West Texas A&M develops antiviral protection for doors

CANYON, — Biological warfare technology born at West Texas A&M University to protect soldiers from anthrax has been readapted and deployed across campus to protect door handles from viruses and bacteria.

Doors across West Texas A&M University soon will receive Copper Clean stickers over handles and push plates. The stickers — basically a highly engineered copper-alloy foil with an adhesive backing — are the newest product developed by Engineering Dean Emily Hunt and a group of ambitious graduate engineering students working to commercialize patents they have obtained for West Texas A&M University and The Texas A&M University System.

Along with standard infection control practices, these stickers will help alleviate the microbial burden on these high-touch surfaces across campus.

“The stickers are made with a copper-alloy that has been proven to kill 99.9 of percent harmful pathogens, like MSRA, Staph. auerus and E. coli within two hours,” Hunt said. Soon, they will be tested against other pathogens, including COVID-19.

See a video about Copper Clean adhesives here: http://www.youtube.com/user/tamusystem?sub_confirmation=1

“Sometimes a complex problem requires a common sense solution,” said John Sharp, chancellor of the Texas A&M System. “Dr. Hunt and her team deserve a lot of credit for doing their part to address the biggest problem facing the world today.”

Copper is one of the oldest known antimicrobials. Applying it to high-touch surfaces was a challenge Hunt and her materials science engineering students first took on in 2016.

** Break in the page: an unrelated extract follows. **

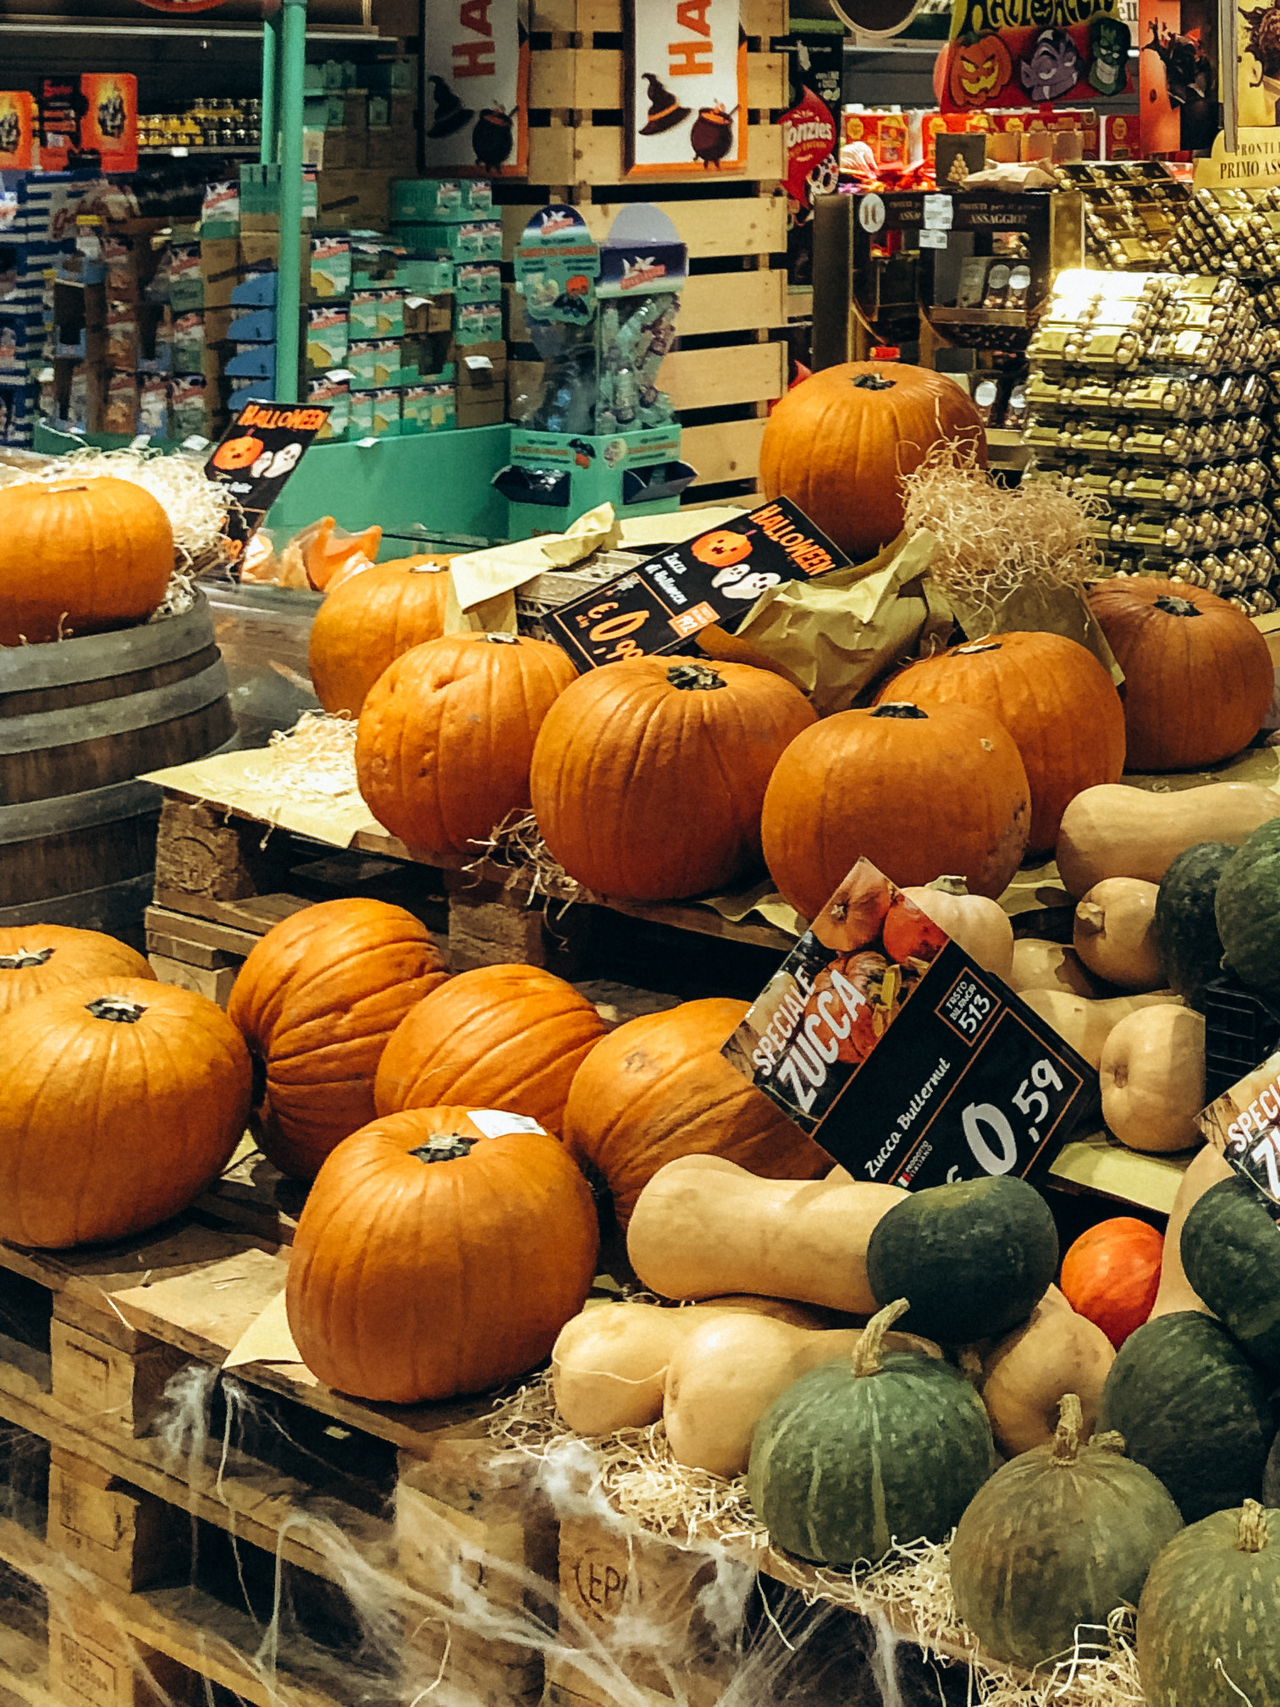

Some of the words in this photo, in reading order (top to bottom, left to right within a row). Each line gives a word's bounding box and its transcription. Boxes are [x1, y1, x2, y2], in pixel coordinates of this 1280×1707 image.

“We recognized way back then that there are many surfaces in the world that our hands share with others,” Hunt said. “These areas, which we call ‘high-touch,’ are very susceptible to picking up, harboring and transferring microorganisms among people.”

Hunt, a Canyon native, began her research into antimicrobial materials in 2009 when she was awarded a grant from the U.S. Department of Defense and the National Science Foundation to pursue her ideas to protect soldiers and civilians from biological weapons of mass destruction.

The Department of Defense adopted Hunt’s ideas for use in military gas masks. Then she and her team worked to convert the military technology into commercial and consumer applications.

They formed Buffalo Technology Group, a Texas limited partnership whose stakeholders include West Texas A&M University, The Texas A&M University System and Frontier Capital Group, a private equity firm. Buffalo Technology Group has successfully patented and sold several products already, including MIC-Guard, a ceramic-metallic powder used in various coatings, linings and molded products in several industrial applications to inhibit iron-eating microorganisms and biofouling.

Copper Clean stickers are made at an EPA-approved, American manufacturer, Hunt said. The first batch arrive just this week. West Texas A&M University will be the first customer, but Hunt said Buffalo Technology Group is already talking to school districts across the state who are interested.

“At a time when the whole world is more cognizant than they have ever been about the prevalence and danger of harmful microorganisms, my hope for these patches is that they are implemented in areas were large quantities of healthy, sick and immunocompromised individuals share high-touch surfaces,” Hunt said.